Young love. How annoying.

They say that 95% of romantic relationships that are formed before college simply can’t go the distance. Even if we don’t fuck it up outright, the ways we grow and change as we move into adulthood tend to work against our seemingly important relationships in youth. Yet we romanticize young love as the truest form of love, even though some of the tried and true tropes of young romantic fiction are signs of trouble in reality. When you’re fifteen, “I can fix him/her” might sound brave. When you’re 30, your stomach twists when you hear those words.

That said, I’m a hopeless romantic.

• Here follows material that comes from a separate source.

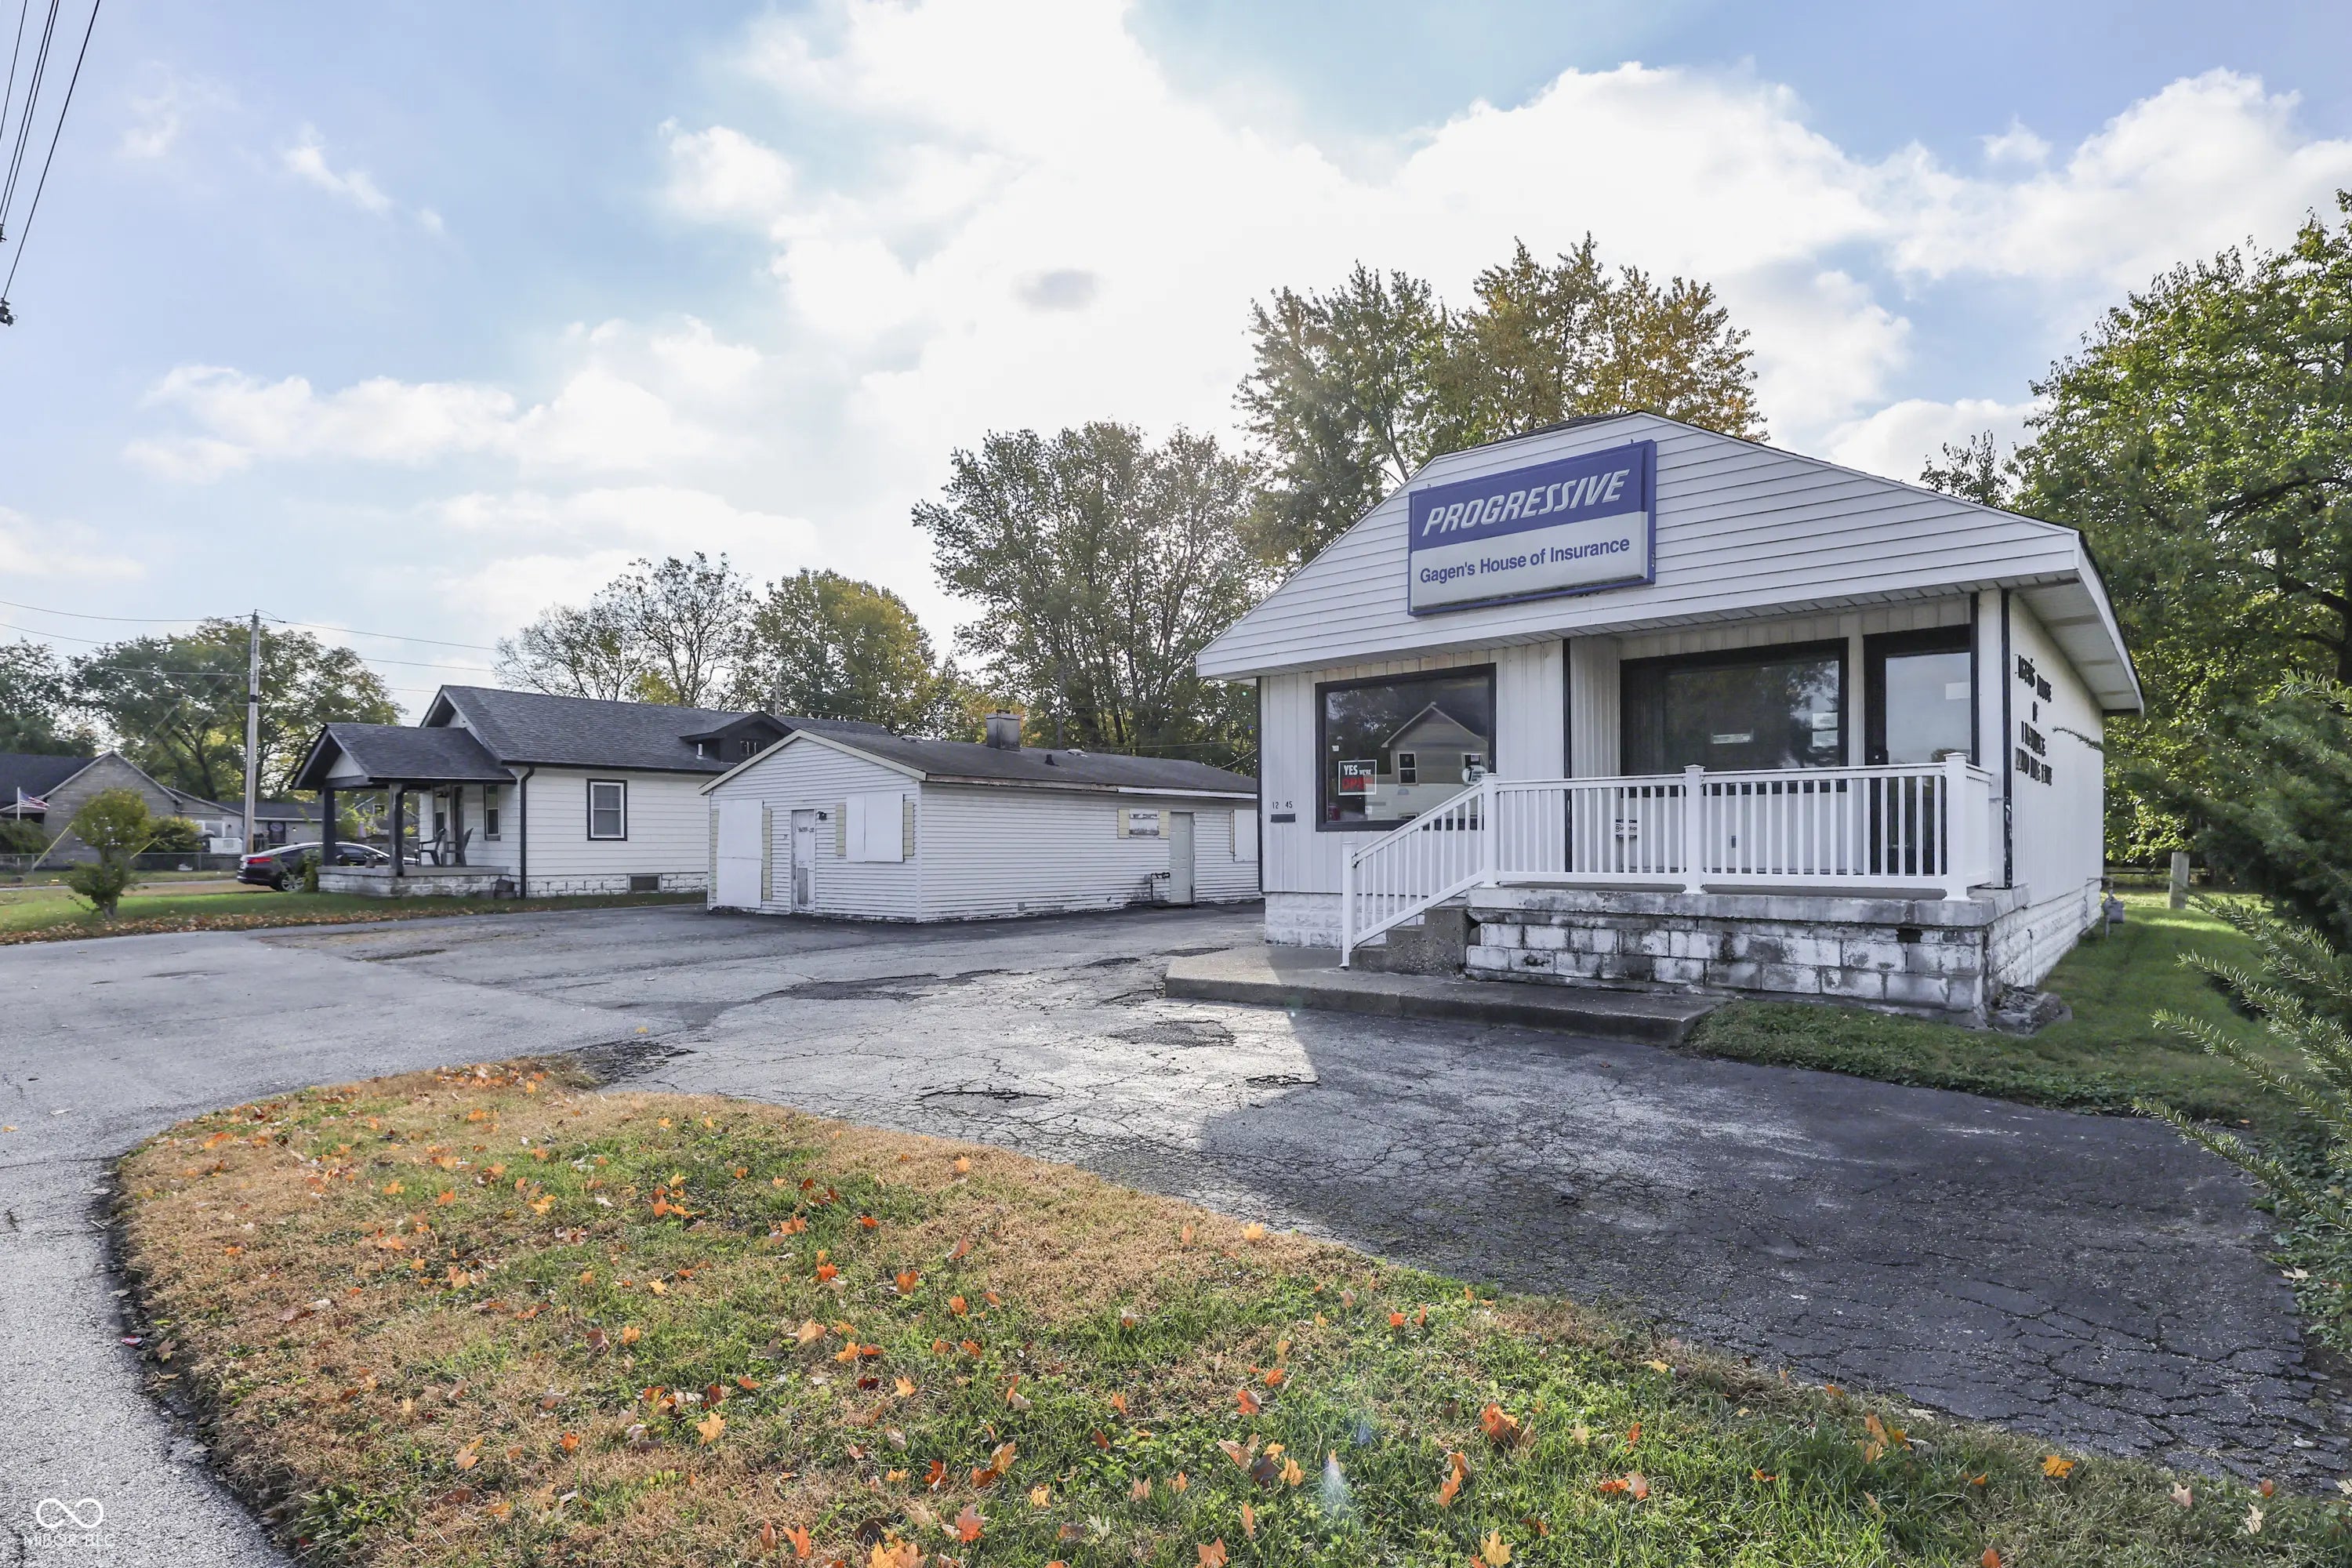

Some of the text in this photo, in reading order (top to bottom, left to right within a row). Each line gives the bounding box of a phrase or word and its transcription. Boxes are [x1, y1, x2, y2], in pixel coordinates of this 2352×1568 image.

[1422, 469, 1631, 537] PROGRESSIVE
[1420, 539, 1630, 584] Gagen's House of Insurance
[1343, 764, 1359, 775] YES

Even when my mature mind wants to downplay the power of romance, that little excitable teenager within me still loves hearing (and telling) stories about love conquering all. Don’t get me wrong; teenage me was pickier than the average chick throwing a sleepover with her BFFs. I like 10 Things I Hate About You because I’m not a monster, and I like the American Pie movies because there’s real charm amidst its raunch. But those movies, and countless other teen romances of the late 90s / early aughts that I passed hard on, have a simple aesthetic that foregoes nuance in favor of basic, direct storytelling. Everyone in these movies lives comfortably. Conflicts are spelled out clearly, with obvious heroes and villains. The on-screen action is crisply photographed, mechanically cut, and soundtracked to up-and-coming pop-rock bands that spell out exactly how you should feel at any given moment.

Then there’s Crazy/Beautiful, which follows those rules…except when it doesn’t.

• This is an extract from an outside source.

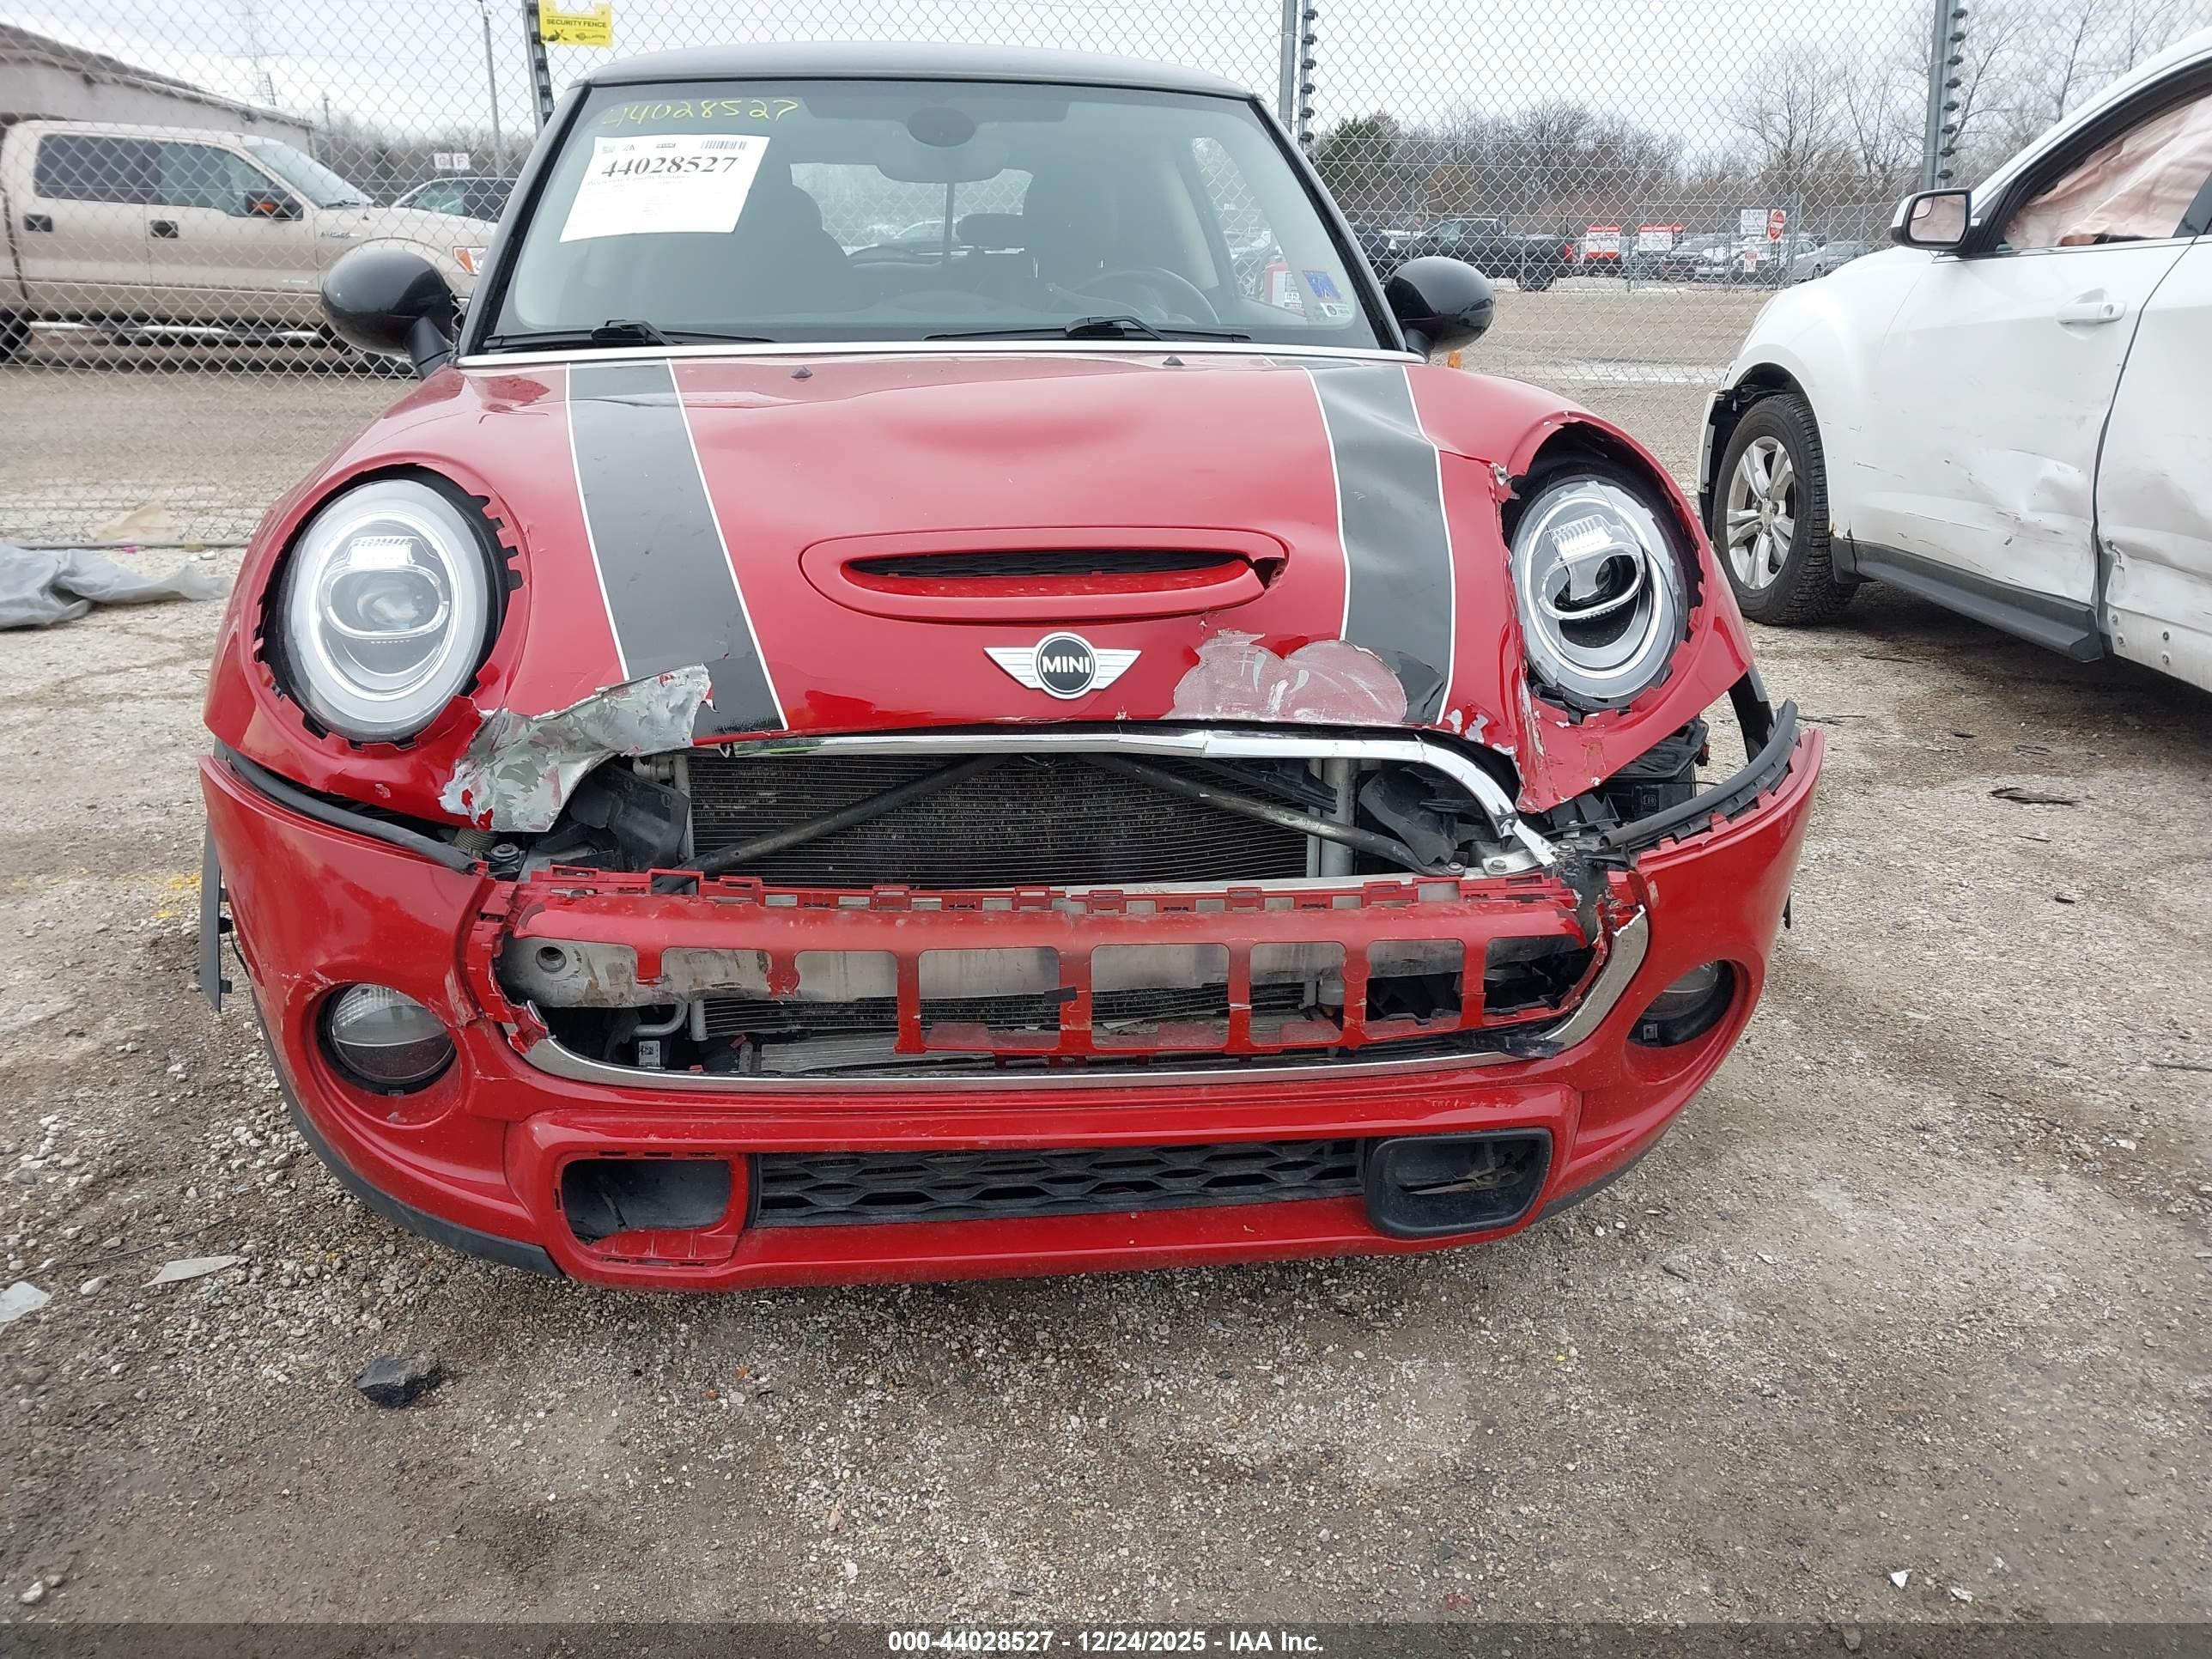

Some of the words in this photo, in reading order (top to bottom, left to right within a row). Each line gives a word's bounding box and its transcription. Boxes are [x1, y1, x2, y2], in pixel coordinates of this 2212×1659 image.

[546, 18, 582, 27] SECURITY
[602, 100, 799, 127] 44028527
[601, 155, 738, 178] 44028527
[1042, 656, 1091, 673] MINI

Released in June 2001, Crazy/Beautiful stars Kirsten Dunst (recently acclaimed for her work on Fargo) and Jay Hernandez (the best part of Suicide Squad), and was directed by John Stockwell. The film got wrecked at the box office: It debuted at #9, beaten by Pearl Harbor in its 6th week of release. Box Office Mojo shows that it opened in a limited number of theaters compared to the competition, but I don’t think this trailer really helped much.

[youtube http://www.youtube.com/watch?v=NuUiO85Xva0]

At its core, Crazy/Beautiful is a lot like any story of young love that goes for mass appeal, right down to the simplistic messages about “going for it” and “following your heart,” which give birth to many glaring imperfections (like the bit of dialogue epigraphed at the top of this essay). Right from the moment the movie starts to unspool, though, something seems different about the ethereal score; it’s maybe too heavy by half, but otherwise it wouldn’t feel that out of place in an early Sofia Coppola drama. There’s a washed-out texture to the image that feels more Tony Scott than John Hughes, and the first line of the film is a nostalgic yet uncharacteristically morose bit of narration from its female lead, Nicole Oakley (Dunst): “I remember most of seventeen.”

John Stockwell started as an actor; a small-time “that guy” at his peak, probably best known as the dude who washed out of Fighter Weapons School at the beginning of Top Gun. His directing career began in earnest with the 2000 HBO drama Cheaters, which he also wrote. (The Crazy/Beautiful script is credited to Phil Hay & Matt Manfredi; Stockwell claims to have done uncredited rewrites with Lizzy Weiss, who would script his next film, Blue Crush.) Cheaters is a hell of a film in its own right; suffice to say, it proved Stockwell to be a thoughtful storyteller with a surprising grip on the odd nuances of morality.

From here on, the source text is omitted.